> [Problem description]: Each record should be copied exactly, and none of them omitted.

"""

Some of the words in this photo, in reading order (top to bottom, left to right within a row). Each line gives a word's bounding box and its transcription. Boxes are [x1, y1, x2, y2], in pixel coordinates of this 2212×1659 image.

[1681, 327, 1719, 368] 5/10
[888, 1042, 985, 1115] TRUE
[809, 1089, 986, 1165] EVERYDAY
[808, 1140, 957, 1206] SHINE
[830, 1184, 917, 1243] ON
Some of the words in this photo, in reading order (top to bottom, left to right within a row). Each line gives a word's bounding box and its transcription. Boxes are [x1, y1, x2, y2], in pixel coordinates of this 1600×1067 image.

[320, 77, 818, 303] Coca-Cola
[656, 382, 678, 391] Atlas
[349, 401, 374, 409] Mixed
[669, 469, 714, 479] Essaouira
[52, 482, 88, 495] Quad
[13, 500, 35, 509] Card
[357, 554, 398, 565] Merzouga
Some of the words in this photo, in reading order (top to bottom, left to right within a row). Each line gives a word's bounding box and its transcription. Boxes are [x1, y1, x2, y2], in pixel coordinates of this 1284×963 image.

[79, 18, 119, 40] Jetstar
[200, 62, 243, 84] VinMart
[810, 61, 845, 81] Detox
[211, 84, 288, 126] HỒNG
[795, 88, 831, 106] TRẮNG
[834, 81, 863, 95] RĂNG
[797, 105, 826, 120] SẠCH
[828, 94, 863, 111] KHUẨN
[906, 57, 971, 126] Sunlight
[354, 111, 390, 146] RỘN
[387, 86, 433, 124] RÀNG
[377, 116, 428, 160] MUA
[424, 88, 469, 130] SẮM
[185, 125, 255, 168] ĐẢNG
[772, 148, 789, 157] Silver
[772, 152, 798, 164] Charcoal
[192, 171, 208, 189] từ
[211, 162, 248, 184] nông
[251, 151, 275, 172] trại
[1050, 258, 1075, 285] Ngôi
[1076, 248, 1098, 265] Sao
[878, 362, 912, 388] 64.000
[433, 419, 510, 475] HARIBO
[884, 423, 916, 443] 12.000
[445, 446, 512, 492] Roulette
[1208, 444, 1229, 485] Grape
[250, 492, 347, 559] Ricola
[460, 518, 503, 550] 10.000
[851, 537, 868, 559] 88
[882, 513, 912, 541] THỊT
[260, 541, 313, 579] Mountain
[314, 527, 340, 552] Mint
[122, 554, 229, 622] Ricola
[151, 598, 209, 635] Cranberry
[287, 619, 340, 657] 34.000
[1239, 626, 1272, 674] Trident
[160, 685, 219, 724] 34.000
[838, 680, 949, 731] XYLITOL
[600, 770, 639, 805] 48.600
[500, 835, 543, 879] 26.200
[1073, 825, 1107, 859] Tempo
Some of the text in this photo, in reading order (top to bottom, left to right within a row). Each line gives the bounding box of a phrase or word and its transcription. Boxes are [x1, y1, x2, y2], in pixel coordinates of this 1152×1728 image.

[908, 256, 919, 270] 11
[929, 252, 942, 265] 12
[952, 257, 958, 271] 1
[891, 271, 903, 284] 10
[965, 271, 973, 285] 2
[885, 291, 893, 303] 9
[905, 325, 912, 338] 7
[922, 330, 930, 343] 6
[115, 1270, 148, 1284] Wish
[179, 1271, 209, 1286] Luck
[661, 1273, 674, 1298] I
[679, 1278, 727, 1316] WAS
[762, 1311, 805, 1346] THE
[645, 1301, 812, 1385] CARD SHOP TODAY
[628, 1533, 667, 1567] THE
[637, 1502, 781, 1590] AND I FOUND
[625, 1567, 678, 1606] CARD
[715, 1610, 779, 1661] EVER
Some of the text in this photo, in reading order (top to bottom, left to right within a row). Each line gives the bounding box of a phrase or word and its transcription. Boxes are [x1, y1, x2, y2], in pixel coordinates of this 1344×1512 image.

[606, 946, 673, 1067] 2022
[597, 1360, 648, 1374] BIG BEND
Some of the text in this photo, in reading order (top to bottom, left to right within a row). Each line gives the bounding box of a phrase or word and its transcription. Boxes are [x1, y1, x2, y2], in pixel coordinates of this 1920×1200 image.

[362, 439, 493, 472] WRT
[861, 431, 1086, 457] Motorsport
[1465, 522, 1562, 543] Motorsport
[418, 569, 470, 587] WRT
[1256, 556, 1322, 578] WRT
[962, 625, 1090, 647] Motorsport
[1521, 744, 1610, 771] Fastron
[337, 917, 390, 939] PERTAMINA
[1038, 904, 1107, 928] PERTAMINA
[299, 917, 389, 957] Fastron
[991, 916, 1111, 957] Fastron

"""

> [Expected answer]:
Some of the words in this photo, in reading order (top to bottom, left to right within a row). Each line gives a word's bounding box and its transcription. Boxes are [x1, y1, x2, y2], in pixel coordinates of this 2212×1659 image.

[1681, 327, 1719, 368] 5/10
[888, 1042, 985, 1115] TRUE
[809, 1089, 986, 1165] EVERYDAY
[808, 1140, 957, 1206] SHINE
[830, 1184, 917, 1243] ON
Some of the words in this photo, in reading order (top to bottom, left to right within a row). Each line gives a word's bounding box and its transcription. Boxes are [x1, y1, x2, y2], in pixel coordinates of this 1600×1067 image.

[320, 77, 818, 303] Coca-Cola
[656, 382, 678, 391] Atlas
[349, 401, 374, 409] Mixed
[669, 469, 714, 479] Essaouira
[52, 482, 88, 495] Quad
[13, 500, 35, 509] Card
[357, 554, 398, 565] Merzouga
Some of the words in this photo, in reading order (top to bottom, left to right within a row). Each line gives a word's bounding box and its transcription. Boxes are [x1, y1, x2, y2], in pixel coordinates of this 1284×963 image.

[79, 18, 119, 40] Jetstar
[200, 62, 243, 84] VinMart
[810, 61, 845, 81] Detox
[211, 84, 288, 126] HỒNG
[795, 88, 831, 106] TRẮNG
[834, 81, 863, 95] RĂNG
[797, 105, 826, 120] SẠCH
[828, 94, 863, 111] KHUẨN
[906, 57, 971, 126] Sunlight
[354, 111, 390, 146] RỘN
[387, 86, 433, 124] RÀNG
[377, 116, 428, 160] MUA
[424, 88, 469, 130] SẮM
[185, 125, 255, 168] ĐẢNG
[772, 148, 789, 157] Silver
[772, 152, 798, 164] Charcoal
[192, 171, 208, 189] từ
[211, 162, 248, 184] nông
[251, 151, 275, 172] trại
[1050, 258, 1075, 285] Ngôi
[1076, 248, 1098, 265] Sao
[878, 362, 912, 388] 64.000
[433, 419, 510, 475] HARIBO
[884, 423, 916, 443] 12.000
[445, 446, 512, 492] Roulette
[1208, 444, 1229, 485] Grape
[250, 492, 347, 559] Ricola
[460, 518, 503, 550] 10.000
[851, 537, 868, 559] 88
[882, 513, 912, 541] THỊT
[260, 541, 313, 579] Mountain
[314, 527, 340, 552] Mint
[122, 554, 229, 622] Ricola
[151, 598, 209, 635] Cranberry
[287, 619, 340, 657] 34.000
[1239, 626, 1272, 674] Trident
[160, 685, 219, 724] 34.000
[838, 680, 949, 731] XYLITOL
[600, 770, 639, 805] 48.600
[500, 835, 543, 879] 26.200
[1073, 825, 1107, 859] Tempo
Some of the text in this photo, in reading order (top to bottom, left to right within a row). Each line gives the bounding box of a phrase or word and its transcription. Boxes are [x1, y1, x2, y2], in pixel coordinates of this 1152×1728 image.

[908, 256, 919, 270] 11
[929, 252, 942, 265] 12
[952, 257, 958, 271] 1
[891, 271, 903, 284] 10
[965, 271, 973, 285] 2
[885, 291, 893, 303] 9
[905, 325, 912, 338] 7
[922, 330, 930, 343] 6
[115, 1270, 148, 1284] Wish
[179, 1271, 209, 1286] Luck
[661, 1273, 674, 1298] I
[679, 1278, 727, 1316] WAS
[762, 1311, 805, 1346] THE
[645, 1301, 812, 1385] CARD SHOP TODAY
[628, 1533, 667, 1567] THE
[637, 1502, 781, 1590] AND I FOUND
[625, 1567, 678, 1606] CARD
[715, 1610, 779, 1661] EVER
Some of the text in this photo, in reading order (top to bottom, left to right within a row). Each line gives the bounding box of a phrase or word and its transcription. Boxes are [x1, y1, x2, y2], in pixel coordinates of this 1344×1512 image.

[606, 946, 673, 1067] 2022
[597, 1360, 648, 1374] BIG BEND
Some of the text in this photo, in reading order (top to bottom, left to right within a row). Each line gives the bounding box of a phrase or word and its transcription. Boxes are [x1, y1, x2, y2], in pixel coordinates of this 1920×1200 image.

[362, 439, 493, 472] WRT
[861, 431, 1086, 457] Motorsport
[1465, 522, 1562, 543] Motorsport
[418, 569, 470, 587] WRT
[1256, 556, 1322, 578] WRT
[962, 625, 1090, 647] Motorsport
[1521, 744, 1610, 771] Fastron
[337, 917, 390, 939] PERTAMINA
[1038, 904, 1107, 928] PERTAMINA
[299, 917, 389, 957] Fastron
[991, 916, 1111, 957] Fastron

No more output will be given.